## Phrase grounding data
= Beginning of Section =

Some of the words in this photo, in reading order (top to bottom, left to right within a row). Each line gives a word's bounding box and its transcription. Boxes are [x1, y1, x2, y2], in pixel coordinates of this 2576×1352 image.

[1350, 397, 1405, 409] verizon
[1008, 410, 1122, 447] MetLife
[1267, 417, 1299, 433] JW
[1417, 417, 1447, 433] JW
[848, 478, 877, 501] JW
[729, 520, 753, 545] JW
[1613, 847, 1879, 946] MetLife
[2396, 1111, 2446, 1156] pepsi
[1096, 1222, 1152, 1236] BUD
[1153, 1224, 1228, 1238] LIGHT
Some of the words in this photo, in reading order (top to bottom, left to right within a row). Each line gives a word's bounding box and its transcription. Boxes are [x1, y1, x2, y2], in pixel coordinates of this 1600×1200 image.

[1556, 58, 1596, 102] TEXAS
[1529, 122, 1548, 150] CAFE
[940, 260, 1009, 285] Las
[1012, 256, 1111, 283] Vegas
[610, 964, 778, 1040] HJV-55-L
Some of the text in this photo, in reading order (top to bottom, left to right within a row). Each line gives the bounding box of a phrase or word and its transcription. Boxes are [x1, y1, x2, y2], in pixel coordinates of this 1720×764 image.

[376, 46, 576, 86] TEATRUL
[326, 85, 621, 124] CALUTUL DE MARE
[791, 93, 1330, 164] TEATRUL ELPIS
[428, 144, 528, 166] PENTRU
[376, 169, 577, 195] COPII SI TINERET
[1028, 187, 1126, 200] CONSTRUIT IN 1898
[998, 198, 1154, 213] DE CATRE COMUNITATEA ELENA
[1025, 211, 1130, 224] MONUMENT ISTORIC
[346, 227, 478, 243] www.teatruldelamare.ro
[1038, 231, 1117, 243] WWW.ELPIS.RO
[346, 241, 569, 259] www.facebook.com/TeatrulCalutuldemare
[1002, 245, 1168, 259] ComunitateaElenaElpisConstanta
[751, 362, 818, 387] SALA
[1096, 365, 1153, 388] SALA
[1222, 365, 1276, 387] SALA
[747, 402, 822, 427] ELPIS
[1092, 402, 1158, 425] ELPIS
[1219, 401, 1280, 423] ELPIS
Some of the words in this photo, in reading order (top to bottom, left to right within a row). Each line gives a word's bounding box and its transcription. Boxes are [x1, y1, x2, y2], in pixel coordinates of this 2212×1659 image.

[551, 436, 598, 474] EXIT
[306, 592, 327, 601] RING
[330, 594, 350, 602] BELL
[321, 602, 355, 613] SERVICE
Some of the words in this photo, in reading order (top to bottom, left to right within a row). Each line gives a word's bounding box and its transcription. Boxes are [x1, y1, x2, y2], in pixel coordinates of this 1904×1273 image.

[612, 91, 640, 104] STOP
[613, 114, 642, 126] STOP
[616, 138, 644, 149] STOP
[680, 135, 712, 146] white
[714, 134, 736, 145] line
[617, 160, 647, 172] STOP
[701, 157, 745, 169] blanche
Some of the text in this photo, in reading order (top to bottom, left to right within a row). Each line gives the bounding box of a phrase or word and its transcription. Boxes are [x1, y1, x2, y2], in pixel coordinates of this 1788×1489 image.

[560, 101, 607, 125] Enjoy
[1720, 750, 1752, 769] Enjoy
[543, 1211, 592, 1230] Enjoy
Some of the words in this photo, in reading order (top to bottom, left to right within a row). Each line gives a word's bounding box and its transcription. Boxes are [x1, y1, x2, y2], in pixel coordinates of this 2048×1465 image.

= End of Section =

## YOUR TASK
All entries above are to be transcribed verbatim.

## SOLUTION
Some of the words in this photo, in reading order (top to bottom, left to right within a row). Each line gives a word's bounding box and its transcription. Boxes are [x1, y1, x2, y2], in pixel coordinates of this 2576×1352 image.

[1350, 397, 1405, 409] verizon
[1008, 410, 1122, 447] MetLife
[1267, 417, 1299, 433] JW
[1417, 417, 1447, 433] JW
[848, 478, 877, 501] JW
[729, 520, 753, 545] JW
[1613, 847, 1879, 946] MetLife
[2396, 1111, 2446, 1156] pepsi
[1096, 1222, 1152, 1236] BUD
[1153, 1224, 1228, 1238] LIGHT
Some of the words in this photo, in reading order (top to bottom, left to right within a row). Each line gives a word's bounding box and its transcription. Boxes are [x1, y1, x2, y2], in pixel coordinates of this 1600×1200 image.

[1556, 58, 1596, 102] TEXAS
[1529, 122, 1548, 150] CAFE
[940, 260, 1009, 285] Las
[1012, 256, 1111, 283] Vegas
[610, 964, 778, 1040] HJV-55-L
Some of the text in this photo, in reading order (top to bottom, left to right within a row). Each line gives the bounding box of a phrase or word and its transcription. Boxes are [x1, y1, x2, y2], in pixel coordinates of this 1720×764 image.

[376, 46, 576, 86] TEATRUL
[326, 85, 621, 124] CALUTUL DE MARE
[791, 93, 1330, 164] TEATRUL ELPIS
[428, 144, 528, 166] PENTRU
[376, 169, 577, 195] COPII SI TINERET
[1028, 187, 1126, 200] CONSTRUIT IN 1898
[998, 198, 1154, 213] DE CATRE COMUNITATEA ELENA
[1025, 211, 1130, 224] MONUMENT ISTORIC
[346, 227, 478, 243] www.teatruldelamare.ro
[1038, 231, 1117, 243] WWW.ELPIS.RO
[346, 241, 569, 259] www.facebook.com/TeatrulCalutuldemare
[1002, 245, 1168, 259] ComunitateaElenaElpisConstanta
[751, 362, 818, 387] SALA
[1096, 365, 1153, 388] SALA
[1222, 365, 1276, 387] SALA
[747, 402, 822, 427] ELPIS
[1092, 402, 1158, 425] ELPIS
[1219, 401, 1280, 423] ELPIS
Some of the words in this photo, in reading order (top to bottom, left to right within a row). Each line gives a word's bounding box and its transcription. Boxes are [x1, y1, x2, y2], in pixel coordinates of this 2212×1659 image.

[551, 436, 598, 474] EXIT
[306, 592, 327, 601] RING
[330, 594, 350, 602] BELL
[321, 602, 355, 613] SERVICE
Some of the words in this photo, in reading order (top to bottom, left to right within a row). Each line gives a word's bounding box and its transcription. Boxes are [x1, y1, x2, y2], in pixel coordinates of this 1904×1273 image.

[612, 91, 640, 104] STOP
[613, 114, 642, 126] STOP
[616, 138, 644, 149] STOP
[680, 135, 712, 146] white
[714, 134, 736, 145] line
[617, 160, 647, 172] STOP
[701, 157, 745, 169] blanche
Some of the text in this photo, in reading order (top to bottom, left to right within a row). Each line gives the bounding box of a phrase or word and its transcription. Boxes are [x1, y1, x2, y2], in pixel coordinates of this 1788×1489 image.

[560, 101, 607, 125] Enjoy
[1720, 750, 1752, 769] Enjoy
[543, 1211, 592, 1230] Enjoy
Some of the words in this photo, in reading order (top to bottom, left to right within a row). Each line gives a word's bounding box and its transcription. Boxes are [x1, y1, x2, y2], in pixel coordinates of this 2048×1465 image.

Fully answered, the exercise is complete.